El Rollo de A Alberguería, un símbolo de otros tiempos recuperado tras décadas de olvido

El paso del tiempo es en ocasiones una losa bajo la que se oculta buena parte de nuestro legado histórico y patrimonial. Muchas veces es imposible recuperar ya esos vestigios y tenemos que conformarnos con evocarlos a través de testimonios indirectos, pero en algún caso un hallazgo casual permite poner en valor un monumento que durante siglos había permanecido olvidado y revivir así un pedazo de la historia local.

 

Lo saben bien en la aldea de A Alberguería, en el municipio ourensano de Laza, un lugar muy conocido por los peregrinos de la Vía de la Plata y que desde hace ahora una década muestra con orgullo una de esas piezas felizmente recuperadas. Presidiendo y dando nombre a la Plaza del Rollo, una columna circular de piedra se alza como testimonio de la justicia que se ejercía en otros tiempos y como ejemplo de que el empeño de unos pocos puede servir para reconciliarnos con nuestro patrimonio.

 

Lo que podría parecer una simple pieza ornamental, es en realidad un curioso símbolo jurisdiccional único en Galicia. Columnas como la de A Alberguería marcaban la categoría administrativa de una villa y sus límites jurisdiccionales y, en ocasiones, servían también como picotas, es decir, el lugar donde los presos eran expuestos ante el resto de los vecinos y sometidos a un castigo físico. La vigencia de este tipo de justicia se mantuvo durante varios siglos, hasta que en 1812 las Cortes de Cádiz decretaron su abolición provocando que la gran mayoría de estas columnas fuesen derribadas y acabasen desapareciendo.

 

En el caso del Rollo de A Alberguería, el escritor e historiador Eligio Rivas Quintas sostiene que puede ser el único que se ha conservado en Galicia aunque limita los usos que tuvo en el pasado.

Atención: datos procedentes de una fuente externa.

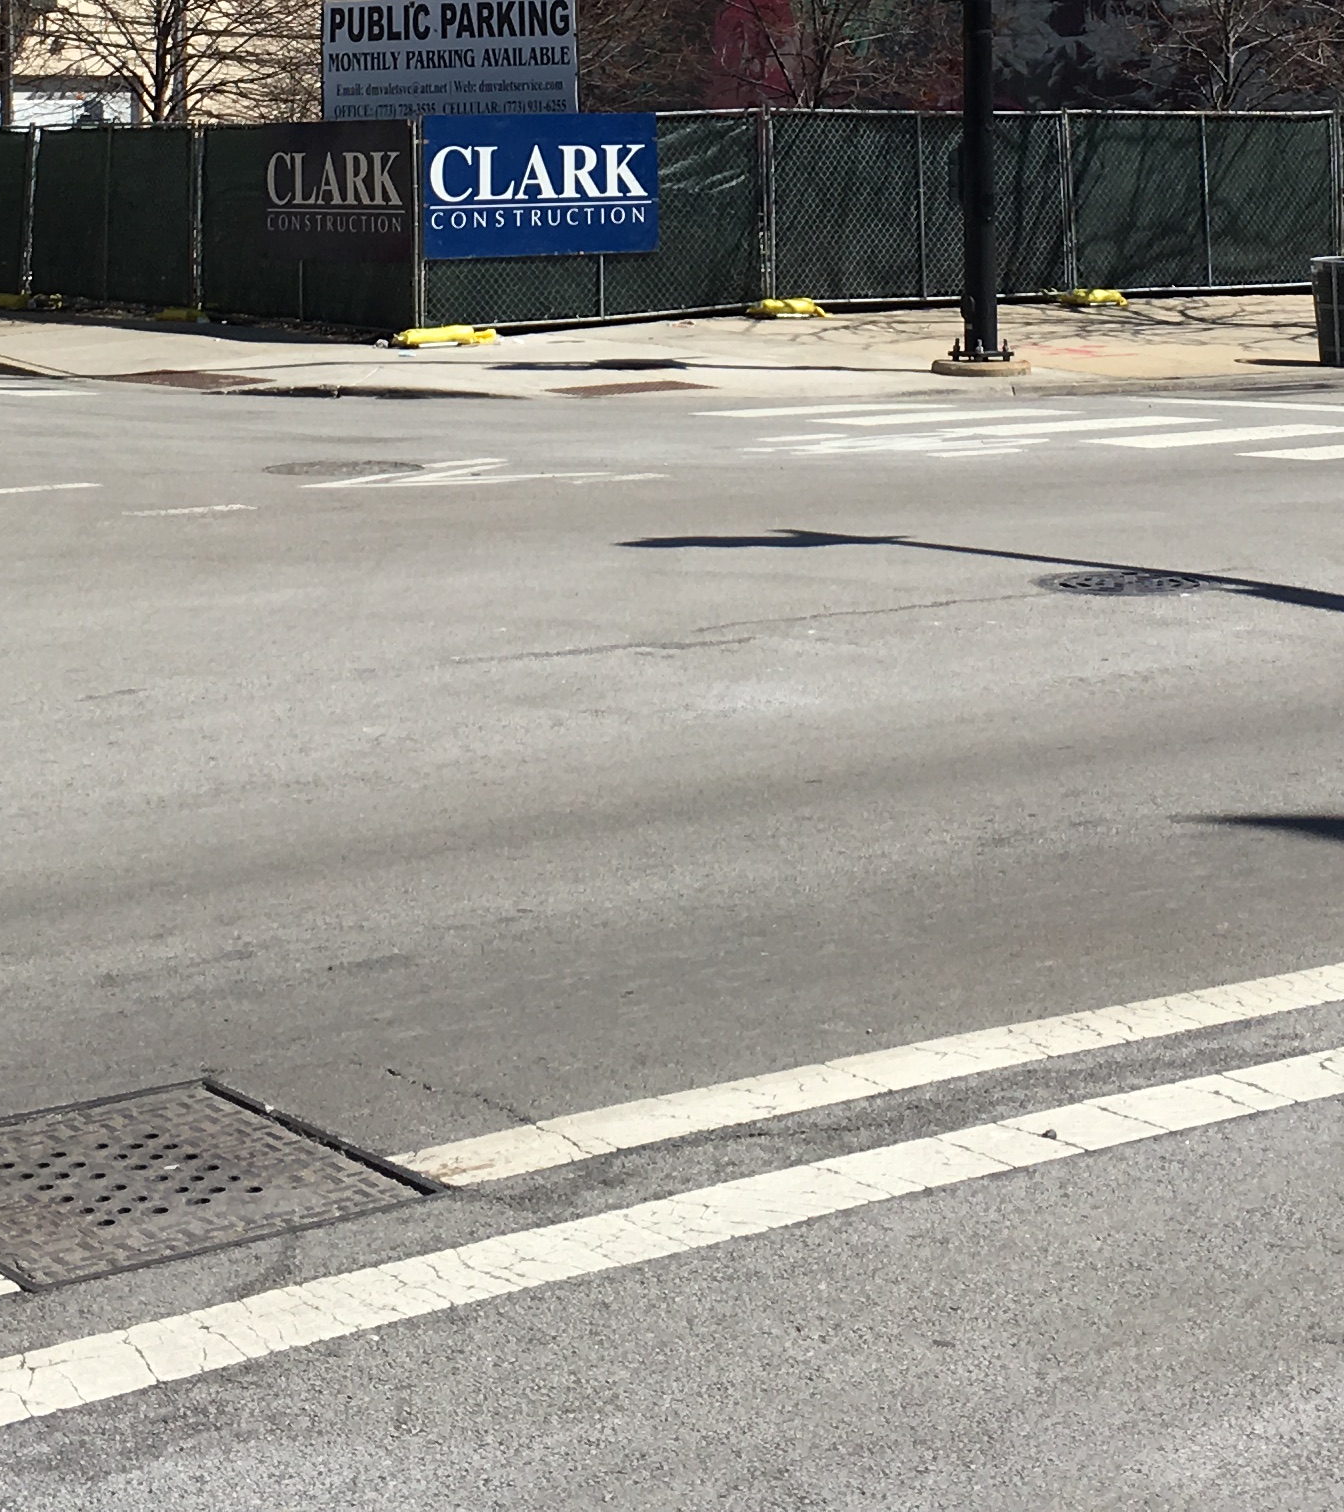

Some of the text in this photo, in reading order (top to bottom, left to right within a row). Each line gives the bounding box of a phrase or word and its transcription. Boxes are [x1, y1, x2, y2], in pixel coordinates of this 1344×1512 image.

[329, 3, 431, 43] PUBLIC
[328, 45, 571, 73] MONTHLY PARKING AVAILABLE
[336, 82, 364, 97] Email:
[453, 80, 476, 94] Web:
[479, 79, 564, 93] dmvaletservice.com
[333, 103, 373, 118] OFFICE:
[503, 100, 526, 113] (773)
[527, 99, 567, 113] 931-6255
[267, 151, 404, 206] CLARK
[430, 144, 649, 202] CLARK
[267, 214, 402, 234] CONSTRUCTION
[430, 206, 646, 231] CONSTRUCTION
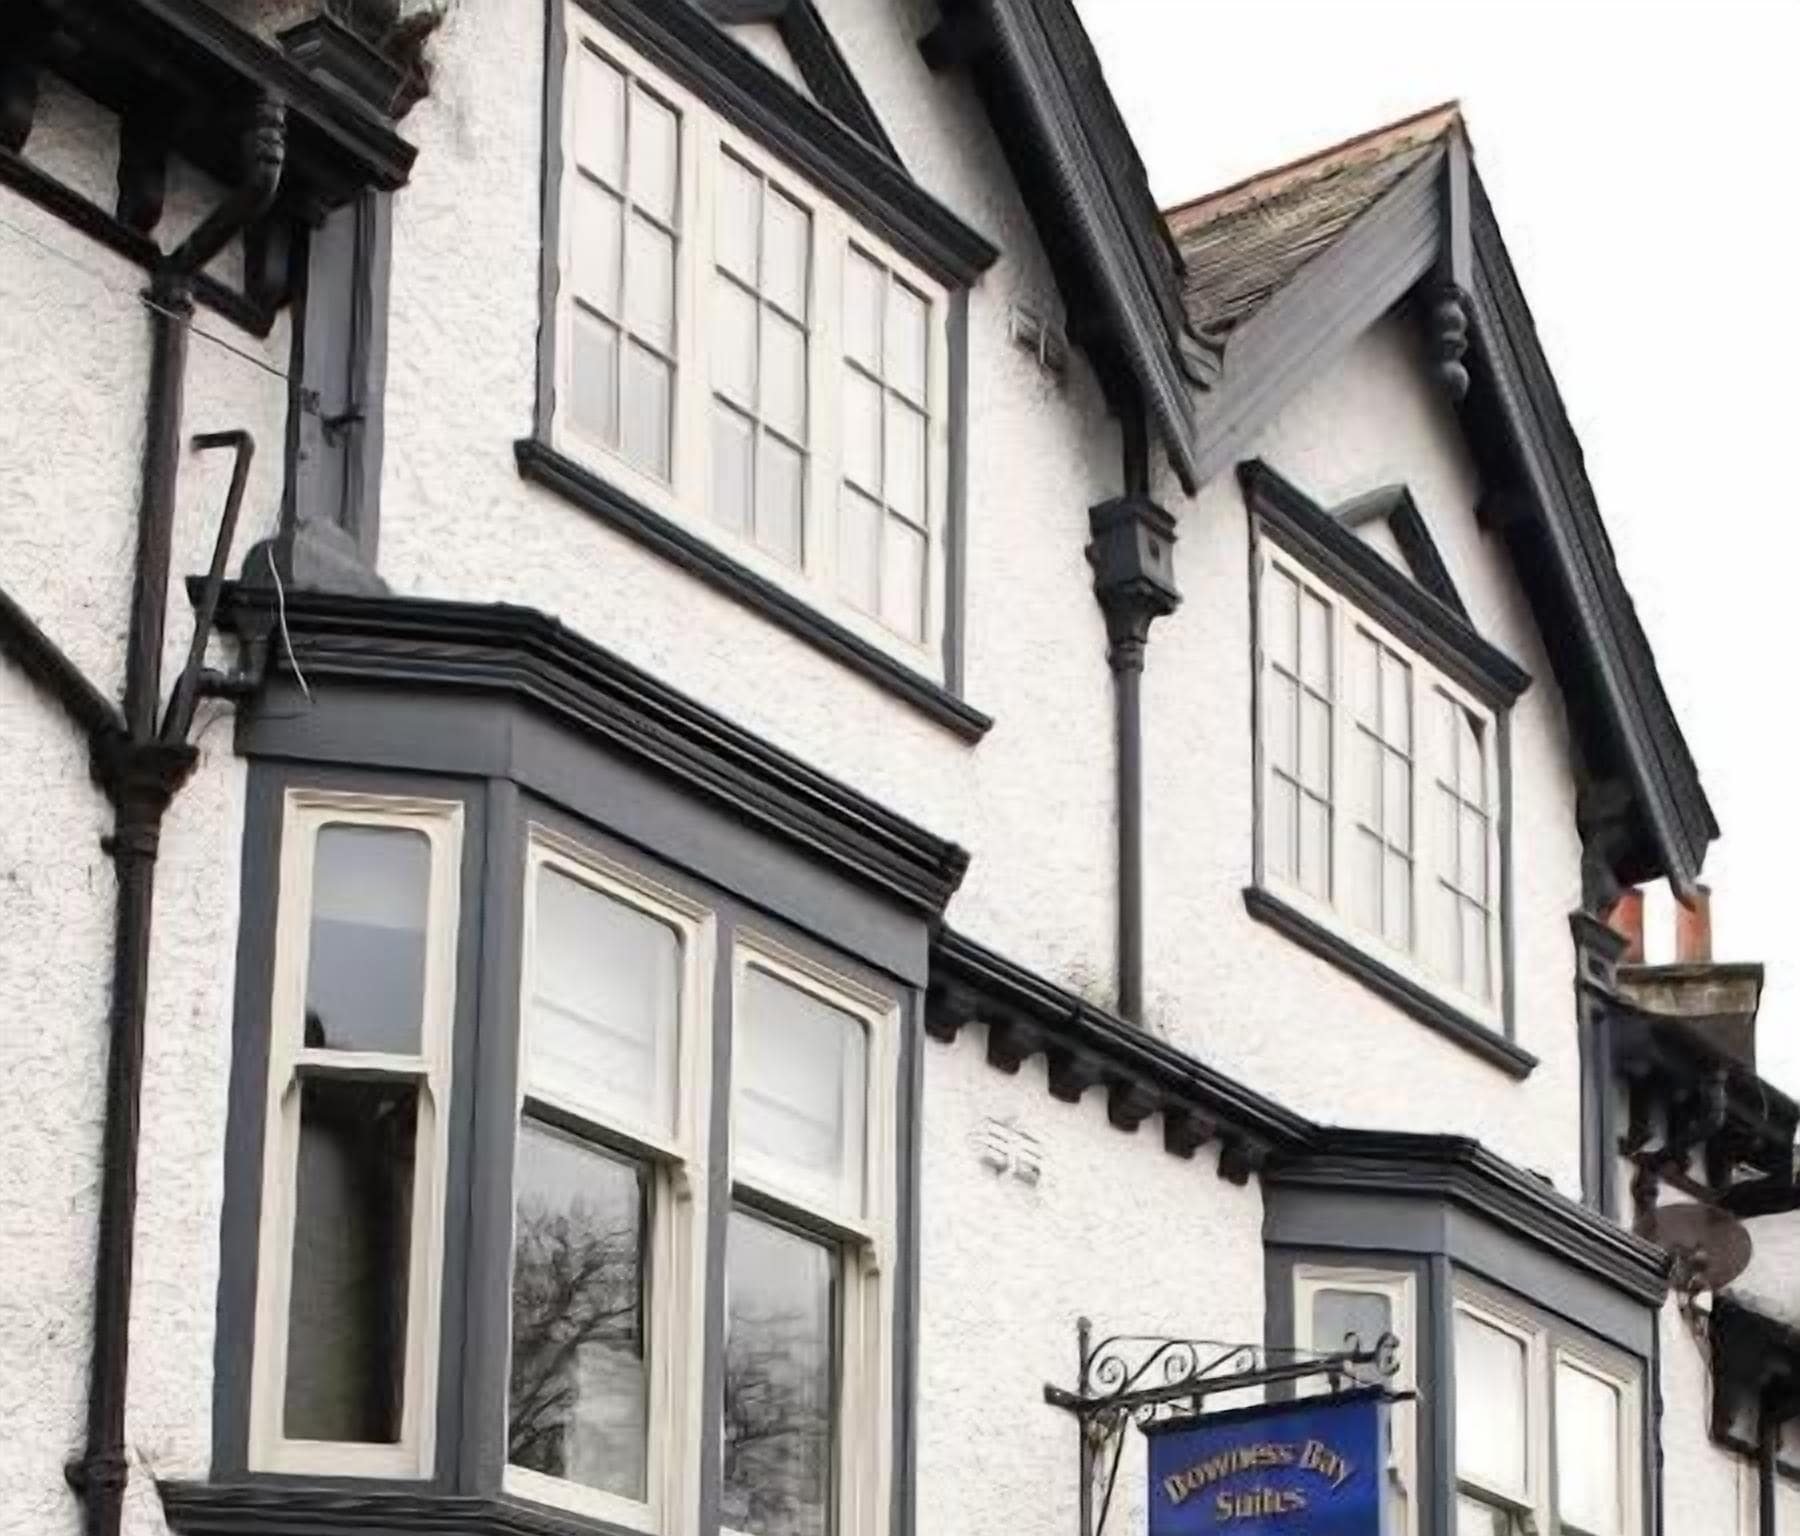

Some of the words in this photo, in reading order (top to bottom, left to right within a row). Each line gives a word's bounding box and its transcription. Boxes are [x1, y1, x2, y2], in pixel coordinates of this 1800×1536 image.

[1163, 1444, 1296, 1504] Bowness
[1301, 1439, 1354, 1489] Bay
[1215, 1488, 1307, 1521] Suites

Detalla que no presenta argollas para atar a los presos ni señales que indiquen que hubiese sido empleado como picota, así que concluye que únicamente servía para marcar los límites de la jurisdicción del Conde de Monterrei y como señal para los peregrinos que se dirigían a Compostela por la Vía de la Plata.

 

Fue, precisamente, Eligio Rivas quien permitió sacar a la luz la existencia del Rollo de Alberguería. Todo comenzó en 1993, cuando durante uno de los recorridos que el historiador estaba realizando por la zona para una publicación sobre la Vía de la Plata se percató de que la extraña columna que había sido empleada como parte del cierre de una huerta particular era en realidad uno de esos rollos jurisdiccionales perdidos. Los vecinos más veteranos del lugar contaban que lo recordaban siempre en ese curioso emplazamiento, pero algunos explicaban también que sus mayores sí les habían hablado de la época en la que la columna ocupaba el centro de la plaza del pueblo. En el año 2010, casi dos décadas después, y gracias a la labor de Eligio Rivas, el empeño de la Asociación de Amigos da Vía da Plata-Camiño Mozárabe y el apoyo de los vecinos y de las administraciones local, provincial y autonómica el Rollo de A Alberguería volvió a su lugar original. 

 

Allí permanece hoy en día, en la Plaza do Rollo, convertido en uno de los monumentos más importantes del lugar y en un lugar de parada obligada para los peregrinos de la Vía de la Plata que pueden sumar así un pedacito de historia local a su relato del Camino.